Quotes from the Paper
“If we assume weaker states have their own national security interests, then how can they achieve those interests amid competition among great powers? Why are some weaker states more capable of resisting great powers’ demands on them while others capitulate more easily? Why can some weaker states get more aid than others even though they are located within the same geographic region? Why do some weaker states get more security protection than others from great powers? How can we explain such variations in foreign policy choices and their consequences for weaker states’ security interests?”

 

“......we can conceptualize that there are three main foreign policy choices for a weaker state, assuming there are mainly two great powers competing for influence in a specific region. The first is to seek alliance with only one great power, no matter whether it is balancing against or bandwagoning with a particular one. The other two options are to stay overall neutral but differentiate in levels of openness. One is to stay isolationist, without engaging either great powers. The other is to engage with both great powers, aiming for open and active engagement that balances the one against the other.”

 

“The paper makes the following contributions. Theoretically it sets out a rather parsimonious framework of the conditions under which weaker states’ foreign policies can have what kind of implications for their national security interest.
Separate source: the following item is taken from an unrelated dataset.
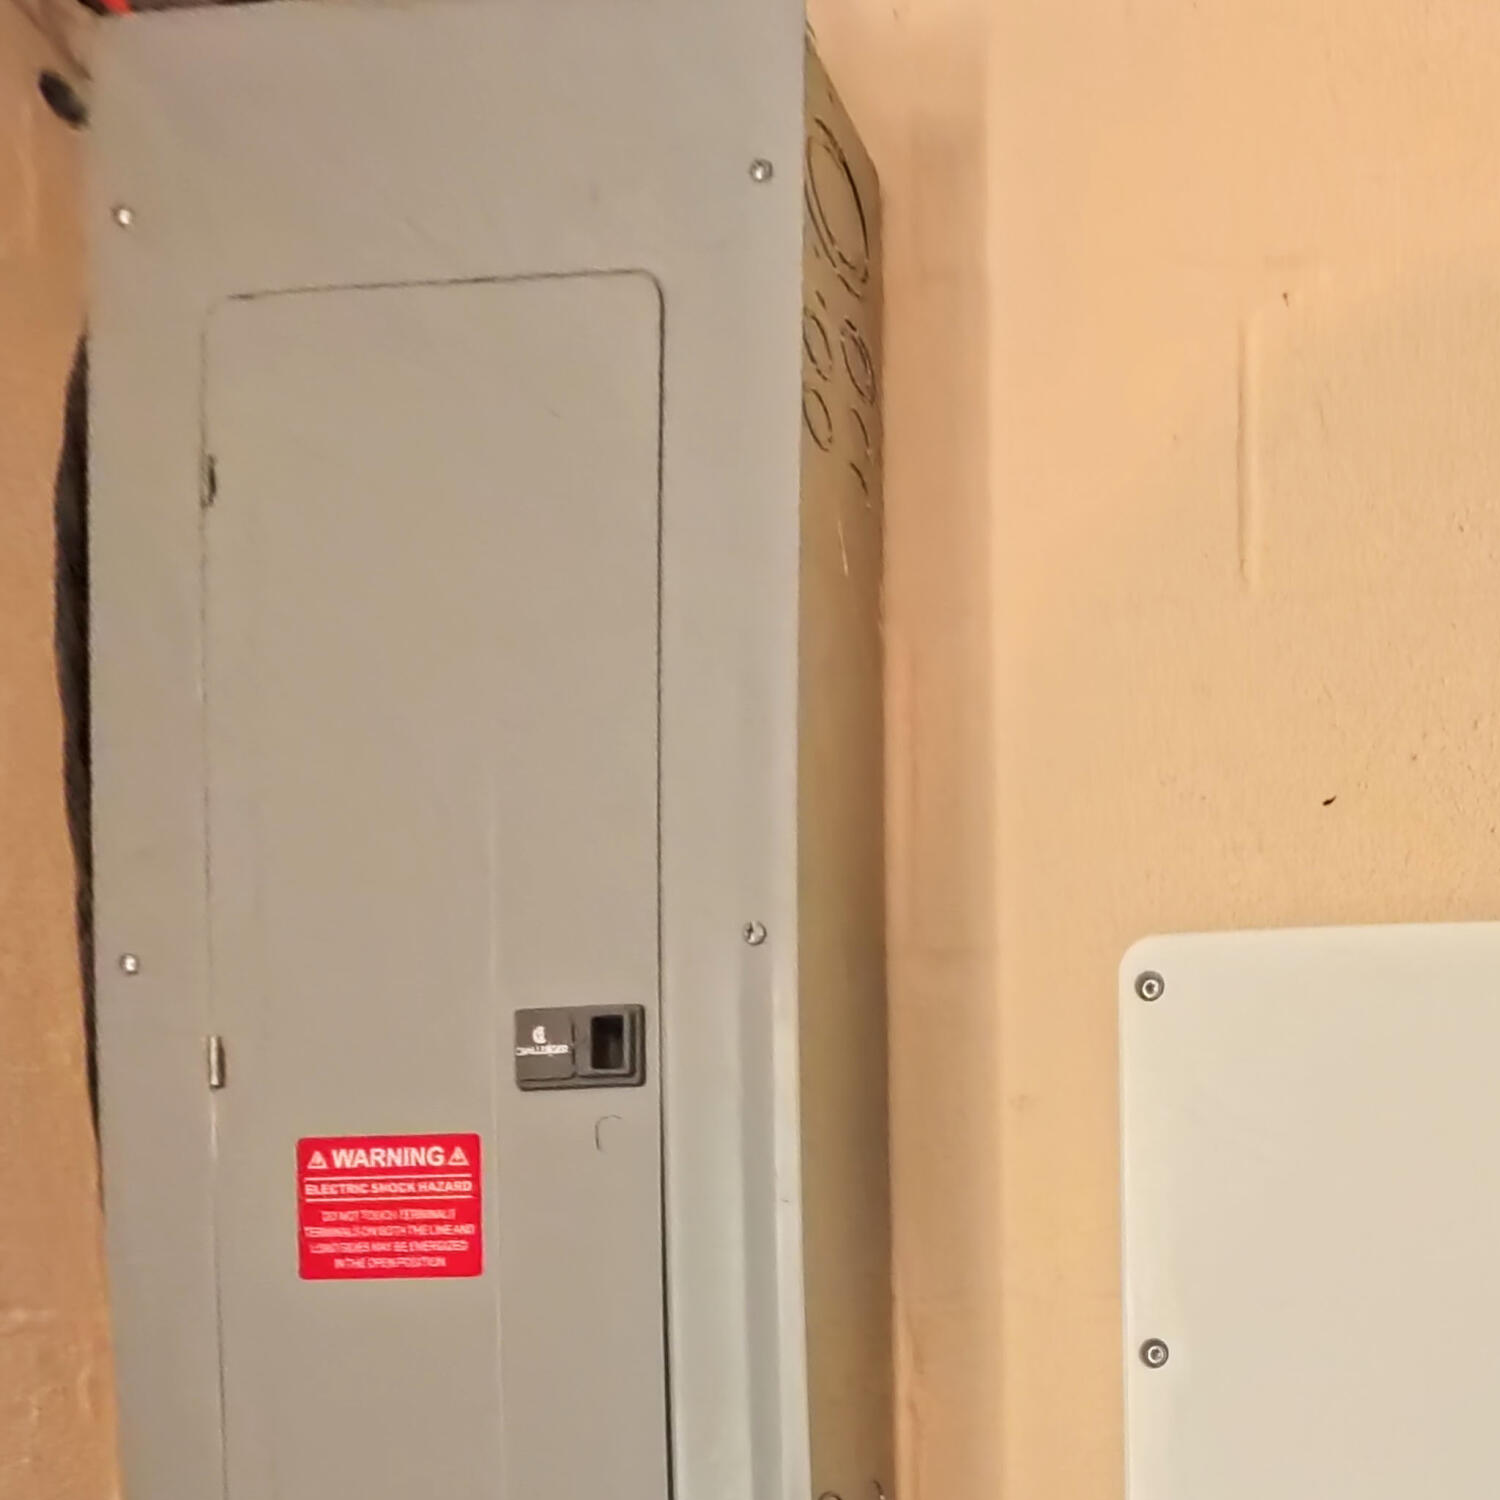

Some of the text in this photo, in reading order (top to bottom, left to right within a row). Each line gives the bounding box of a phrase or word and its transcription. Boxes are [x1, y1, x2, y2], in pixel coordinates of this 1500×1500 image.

[331, 1146, 446, 1168] WARNING
[304, 1180, 472, 1195] ELECTRIC SHOCK HAZARD
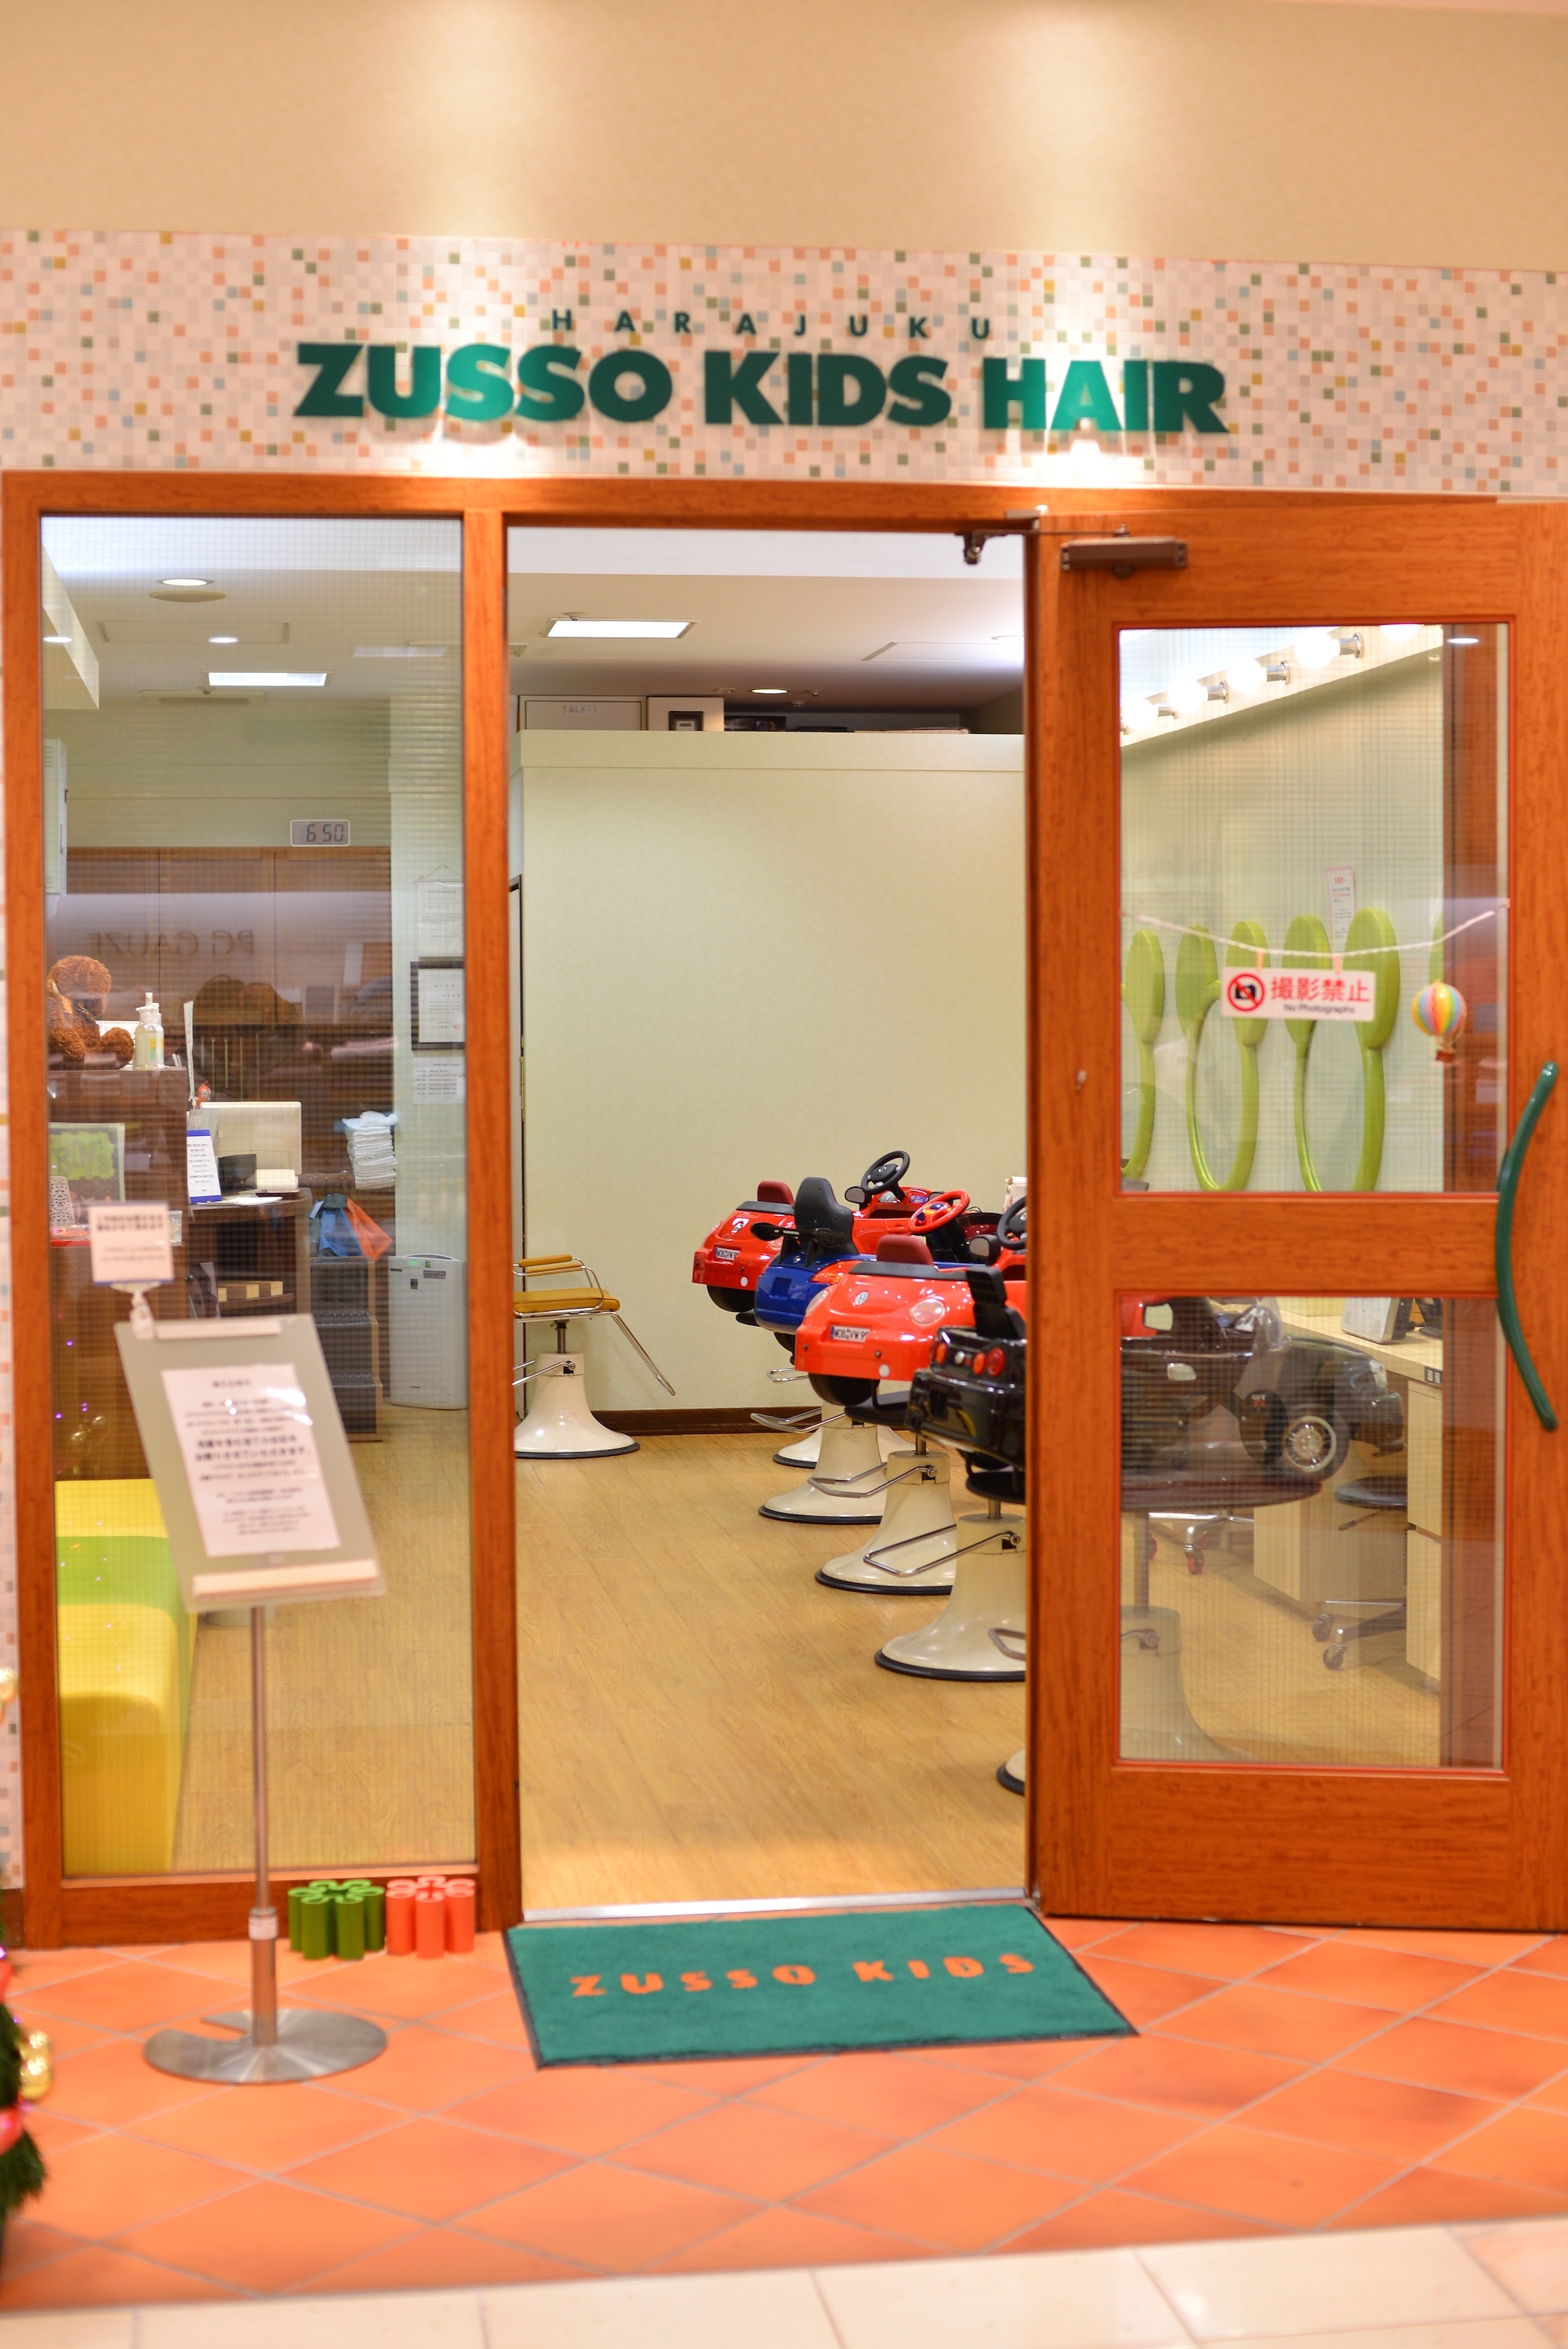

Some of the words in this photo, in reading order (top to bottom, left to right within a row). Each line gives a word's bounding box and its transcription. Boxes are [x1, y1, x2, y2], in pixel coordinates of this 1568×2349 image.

It thus provides a general guideline for scholars and policy makers to analyze and evaluate weaker states’ foreign policy choices under different circumstances of great power competition.”

 

“Empirically, the findings of the paper can also shed light on how we should appraise contemporary regional alignment situation in Southeast Asia. In the current environment of Sino-U.S. competition in Southeast Asia, as long as the competition remains moderate, it seems the weaker states in the region have generally taken up the foreign policy position in active engagement with both great powers, barring perhaps the Philippines and Vietnam, where a direct conflict of interests with China in their territorial disputes in the South China Sea has pushed them to seek closer alliance with the United States.”

 

 


 

 

Author
Dr. Enze Han
is Senior Lecturer at the Department of Politics and International Studies, SOAS, University of London. His research interests include ethnic politics in China, China’s relations with Southeast Asia, especially with Myanmar (Burma) and Thailand, and the politics of state formation in the borderland area between China, Myanmar and Thailand. His recent publications include Contestation and Adapation: The Politics of National Identity in China (OUP, 2013), and with various articles appearing in The Journal of Contemporary China, The China Quarterly, Nationalities Papers, Security Studies, Cambridge Review of International Affairs, among others. Previously, Dr. Han was a postdoctoral fellow in the China and the World Program, Princeton University. He received a Ph.D in Political Science from the George Washington University. He is currently a member at the Institute for Advanced Study in Princeton, USA. His research has also been supported by the Leverhulme Research Fellowship.